Ahhh…I love the flavor of quinoa and I have a real love affair with goat cheese, put them together and you have a winning combination! This is a very quick and easy side dish that goes great with any meal. Quinoa is actually a small seed and a member of the spinach family although most people consider it a grain because it cooks similarly and has the same texture. It is high in minerals and a good source of fiber and folate, not to mention a complete protein for those vegetarians out there.

I like this particular quinoa recipe for my little ones because the melted goat cheese sort of “forms” the quinoa for easier spooning so they don’t get little, itty-bitty, tiny, wet quinoa particles all over the floor that even your trusty Labrador can’t lick up. If you’ve been here before you’ll know what I mean…beyond messy! And of course if your kids are like mine, picky eaters, the spinach is big enough for them to pull out. You can also try different veggie combinations to suit your particular taste. I’m thinking of diced zucchini and halved cherry tomatoes next time. Sun dried tomatoes would also be delicious!


Cheesy Quinoa with Spinach and Pine Nuts

Preparation time: 5 minutes       Cooking time: 28 minutes        Yield: 8 servings

1/4th cup pine nuts

1 cup quinoa, rinsed

1 ¾ cups vegetable broth

1/4th cup water

1 teaspoon extra virgin olive oil

1 shallot, chopped

1 cup fresh spinach leaves

2 teaspoons lemon juice

1/4th cup crumbled goat cheese

Salt to taste


1    Preheat the oven to 400 degrees. Spread pine nuts on cookie sheet and bake until toasted, about 5 minutes. Set aside.

2    Bring the broth and water to boil in medium saucepan. Add the quinoa, turn down heat and simmer, covered, until tender and liquid is absorbed, about 15-20 minutes.

3    Heat the oil in a small skillet over medium heat. Add the shallot and cook until softened, about 2-3 minutes.

4    Mix shallots, spinach, lemon juice, and pine nuts into quinoa until spinach is wilted. Add cheese and mix until melted. Serve immediately.

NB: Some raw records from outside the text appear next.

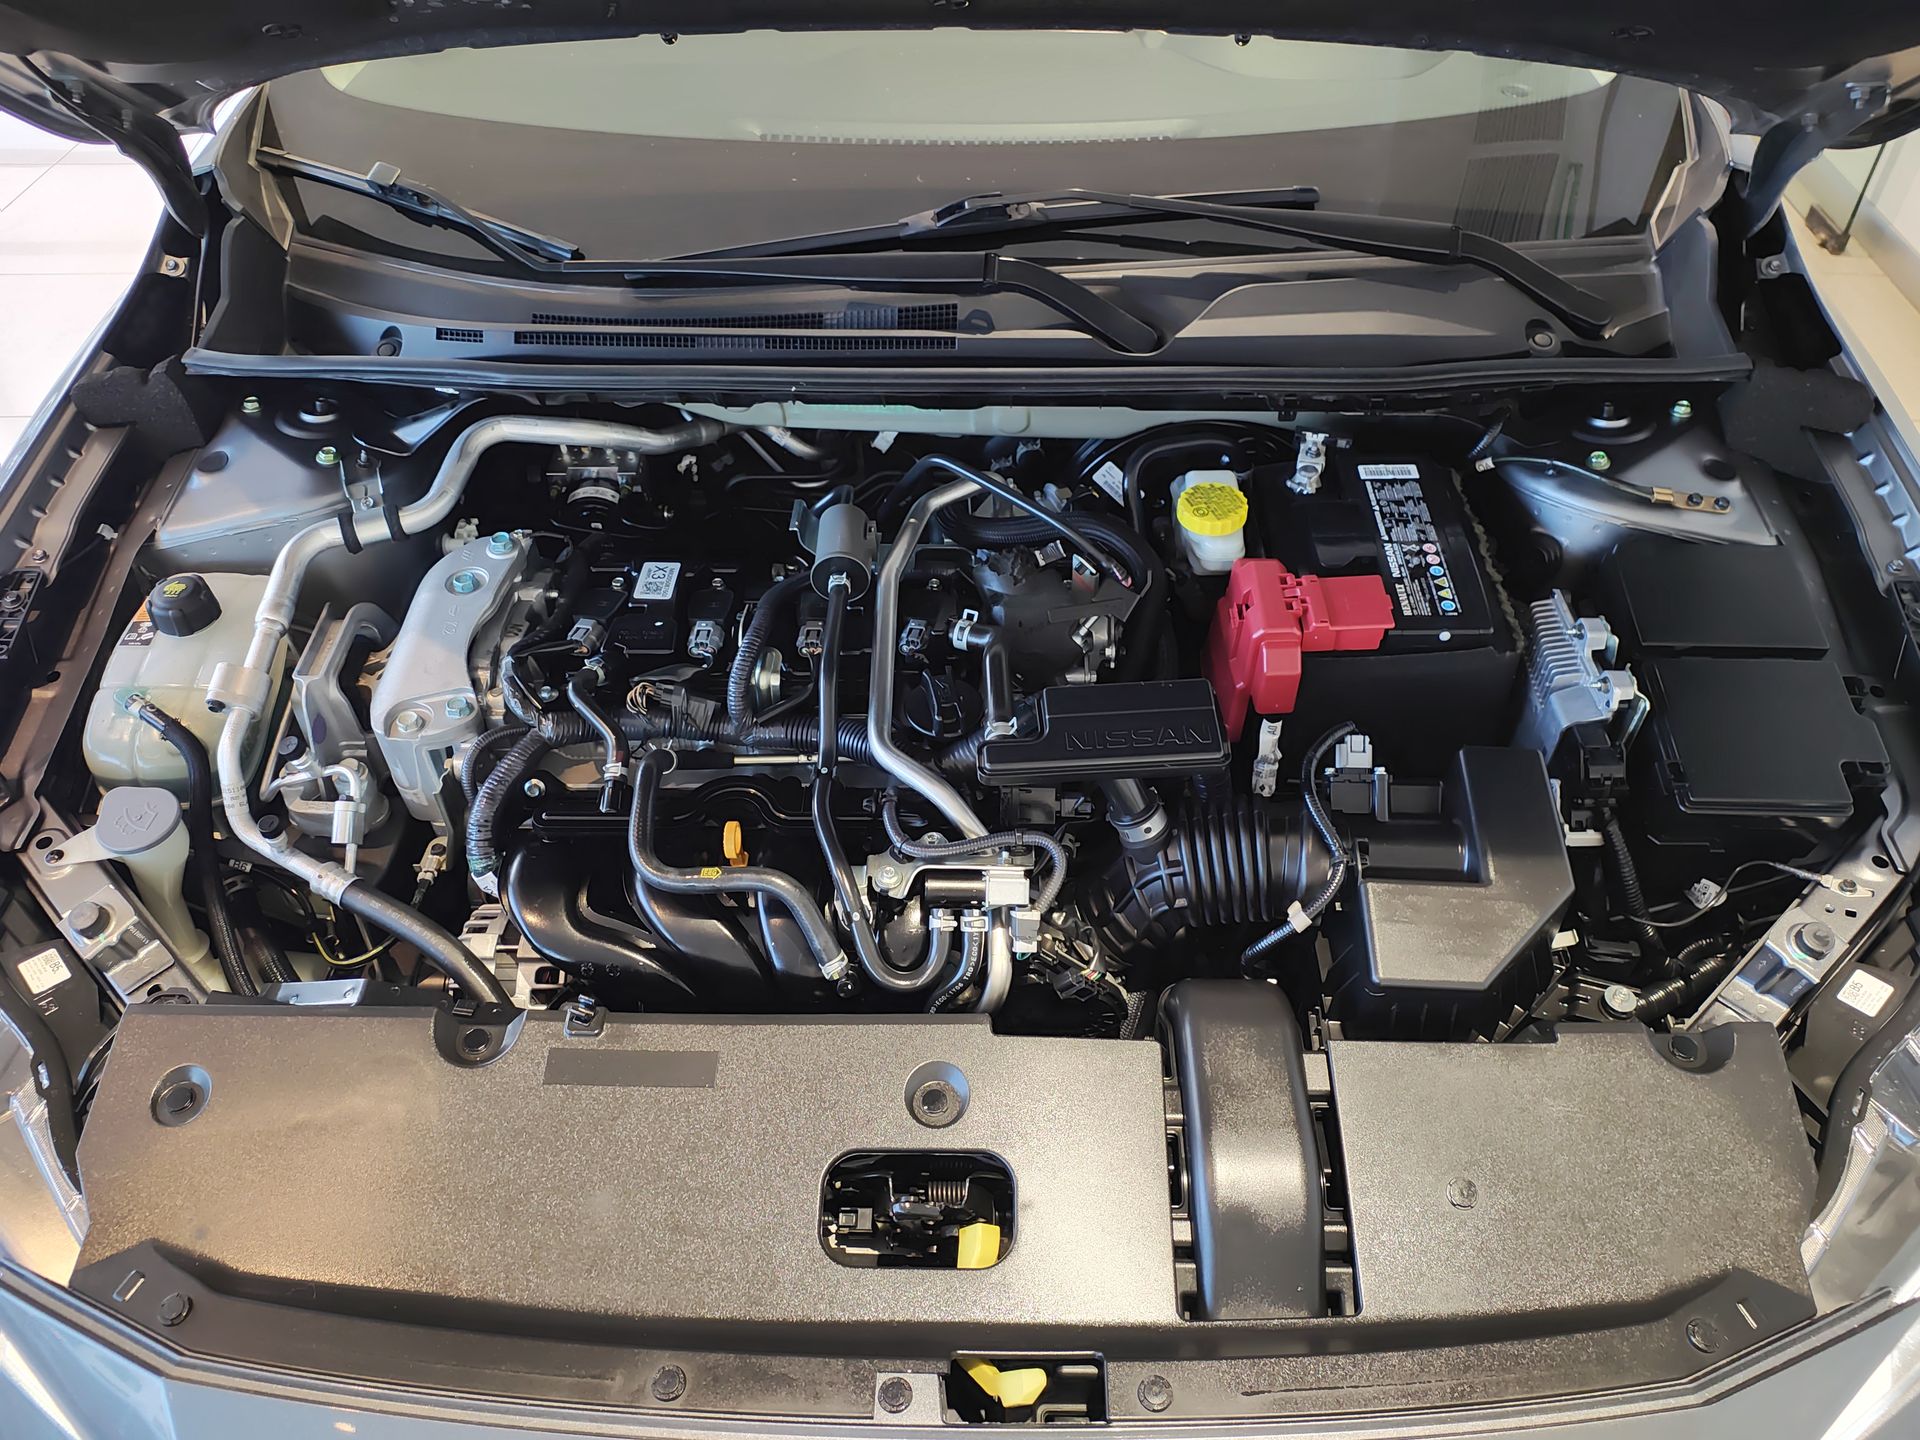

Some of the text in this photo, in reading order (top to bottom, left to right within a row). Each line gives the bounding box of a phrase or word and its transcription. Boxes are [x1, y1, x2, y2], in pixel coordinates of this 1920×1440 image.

[652, 565, 668, 579] X3
[1384, 542, 1402, 578] NISSAN
[1395, 582, 1412, 616] RENAULT
[1064, 724, 1213, 751] NISSAN
[1849, 980, 1863, 992] B5

Per serving: Calories 175 (From Fat 62); Glycemic Load 9 (Low); Fat 7g (Saturated 2g); Cholesterol 4 mg; Sodium 214 mg; Carbohydrate 23 g (Dietary Fiber 3g); Protein 7g.

Recipe from Glycemic Index Cookbook for Dummies, Wiley, 2010


{ 3 comments… read them below or add one }

Marla April 27, 2012 at 4:26 pm

I really love this dish!!!


Marcia April 27, 2012 at 5:14 pm

Not enough goat cheese! Can’t have goat cheese right now anyway.


Meri April 27, 2012 at 6:56 pm

Oh…I’m all for adding more goat cheese. Maybe make an addendum…goat cheese to taste!